On the stability of the spherically symmetric solution to an inflow problem for an isentropic model of compressible viscous fluid
Yucong Huang, Itsuko Hashimoto, Shinya Nishibata
TL;DR
The paper studies the stability of the spherically symmetric stationary inflow solution for the multi-dimensional isentropic compressible Navier–Stokes equations in an exterior domain, with boundary inflow and a far-field nonvacuum state. It proves existence, uniqueness, and detailed decay properties of the stationary solution, including a density-extremum classification that depends on the boundary data, and establishes time-asymptotic stability under small perturbations by reformulating the problem in Lagrangian coordinates to handle boundary terms.
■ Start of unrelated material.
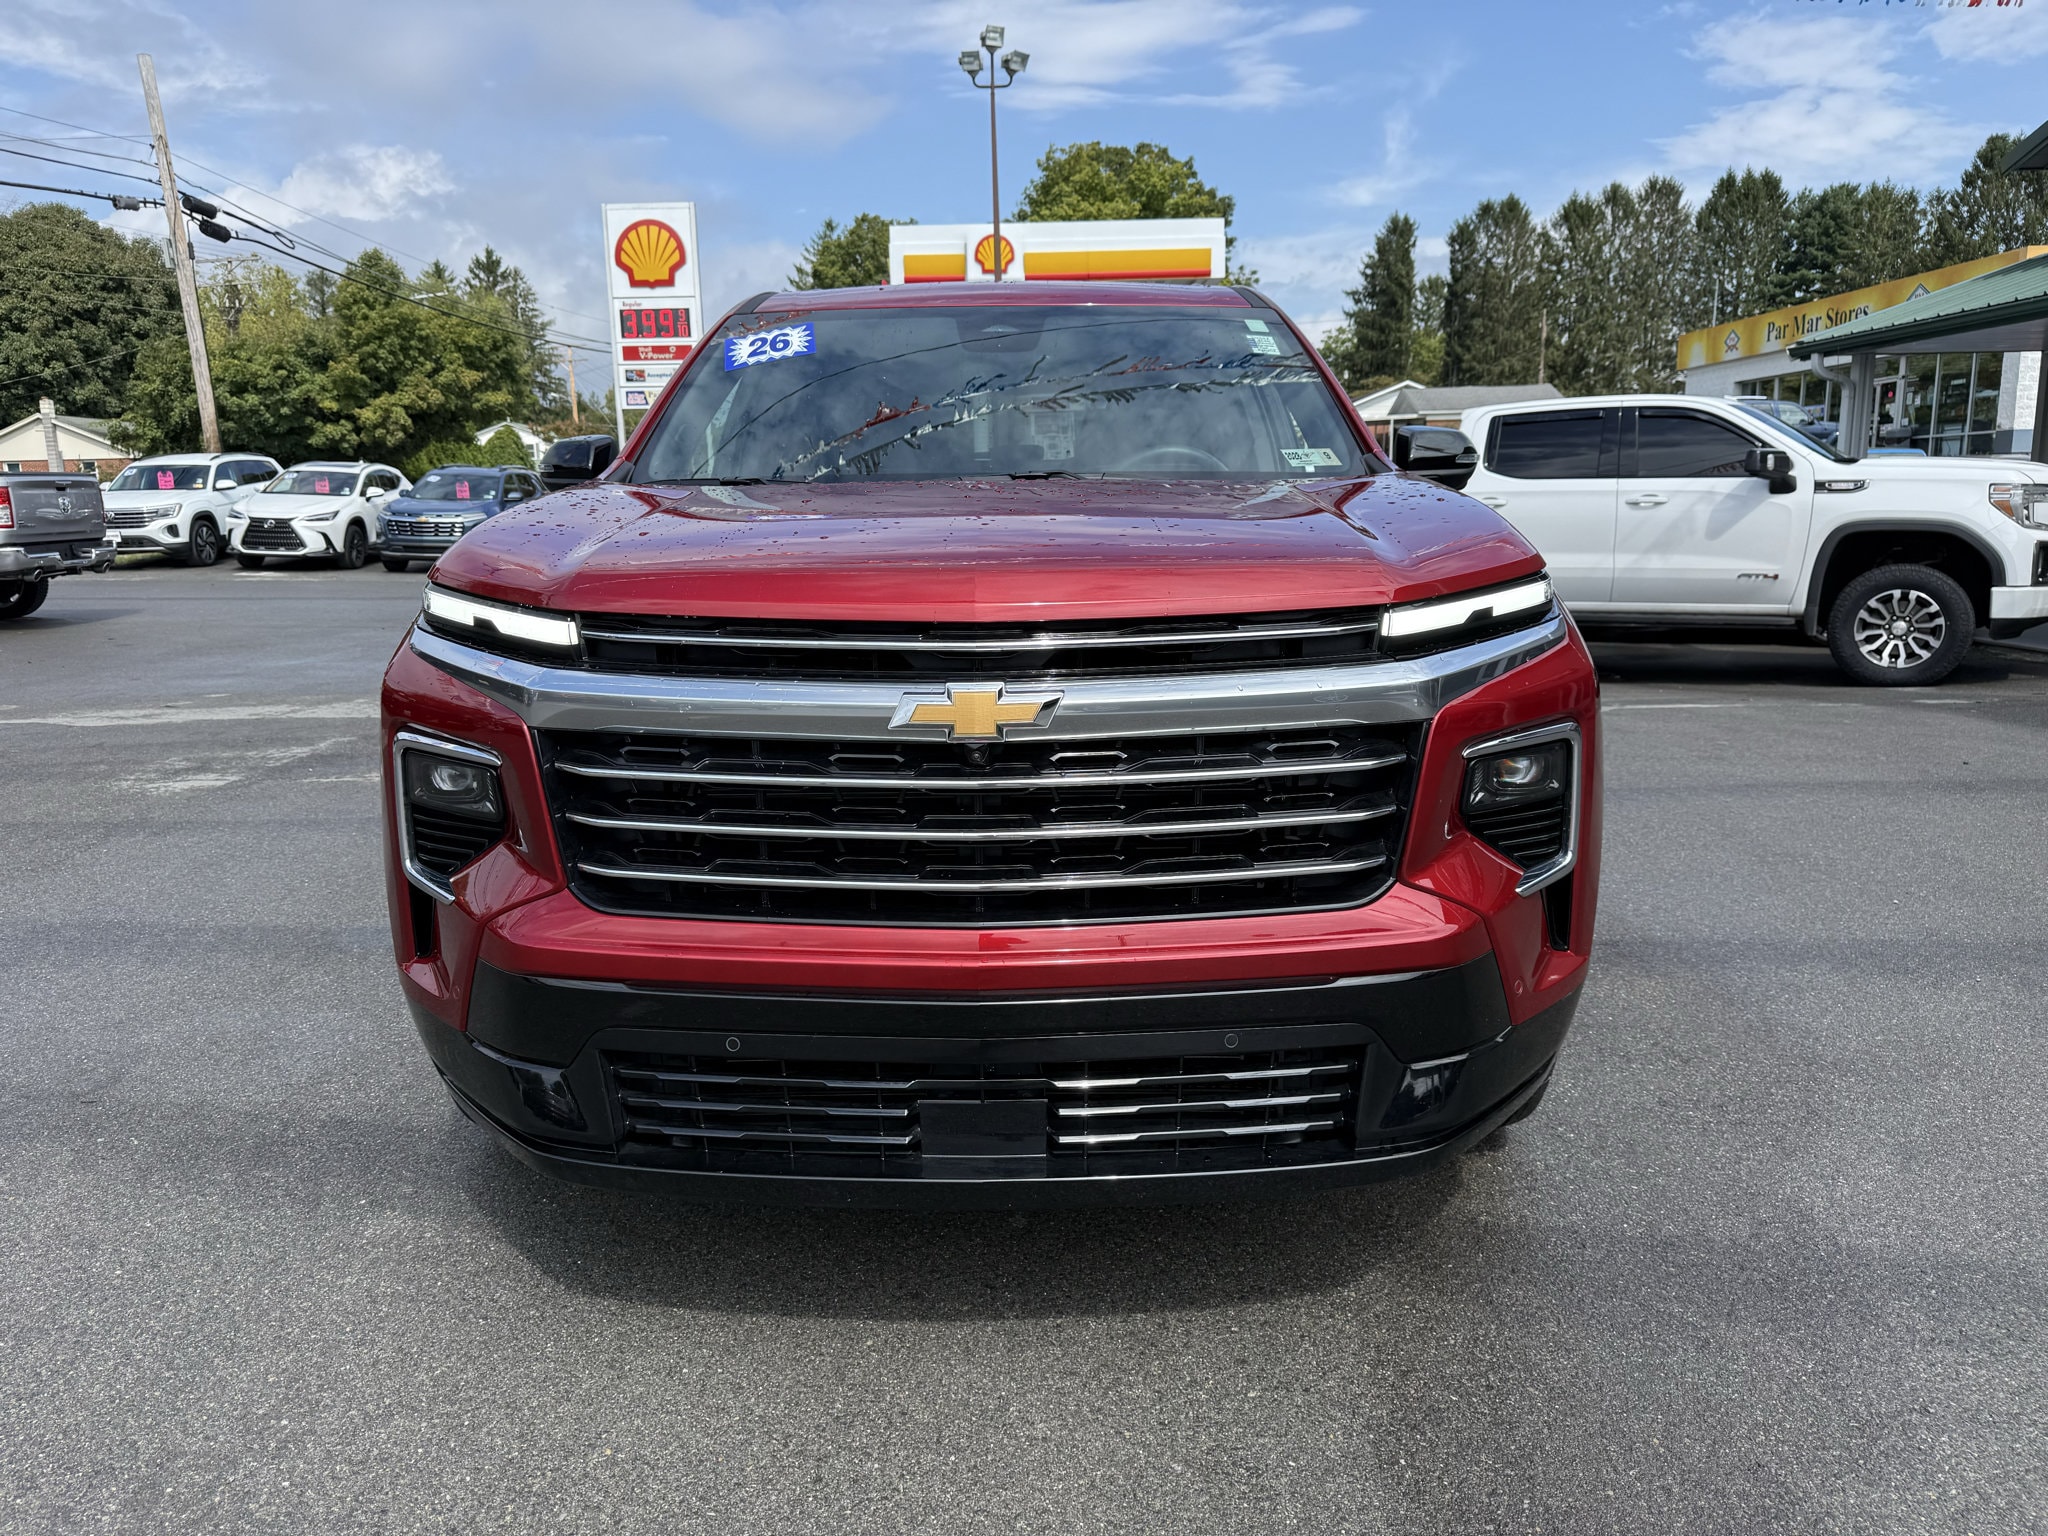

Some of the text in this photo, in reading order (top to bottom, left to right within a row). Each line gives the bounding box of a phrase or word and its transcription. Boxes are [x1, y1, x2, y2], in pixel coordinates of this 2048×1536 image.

The analysis employs a relative-energy framework and comprehensive a priori estimates in the Lagrangian setting, yielding explicit decay rates and closed energy bounds that guarantee convergence to the stationary state for small far-field density $\rho_+$ and small boundary flux. This work extends the understanding of inflow boundary problems for compressible viscous fluids, providing precise conditions under which rarefied near-vacuum states remain stable and offering a rigorous methodological blueprint for similar exterior-domain problems.
Abstract
We investigate an inflow problem for the multi-dimensional isentropic compressible Navier-Stokes equations. The fluid under consideration occupies the exterior domain of unit ball, $Ω=\{x\in\mathbb{R}^n\,\vert\, |x|\ge 1\}$, and a constant stream of mass is flowing into the domain from the boundary $\partialΩ=\{|x|=1\}$. It is shown in Hashimoto-Matsumura(2021) that if the fluid velocity at the far-field is assumed to be zero, then there exists a unique spherically symmetric stationary solution, denoted as $(\tildeρ,\tilde{u})(r)$ with $r\equiv |x|$. In this paper, we show that either $\tildeρ$ is monotone increasing or $\tildeρ$ attains a unique global minimum, and this is classified by the boundary condition of density. In addition, we also derive a set of spatial decay rates for $(\tildeρ,\tilde{u})$ which allows us to prove the time-asymptotic stability of $(\tildeρ,\tilde{u})$ using the energy method. More specifically, we prove this under small initial perturbation on $(\tildeρ,\tilde{u})$, provided that the density at the far-field is supposed to be strictly positive but suitably small, in other words, the far-field state of the fluid is not vacuum but suitably rarefied. The main difficulty for the proof is the boundary terms that appears in the a-priori estimates. We resolve this issue by reformulating the problem in Lagrangian coordinate system.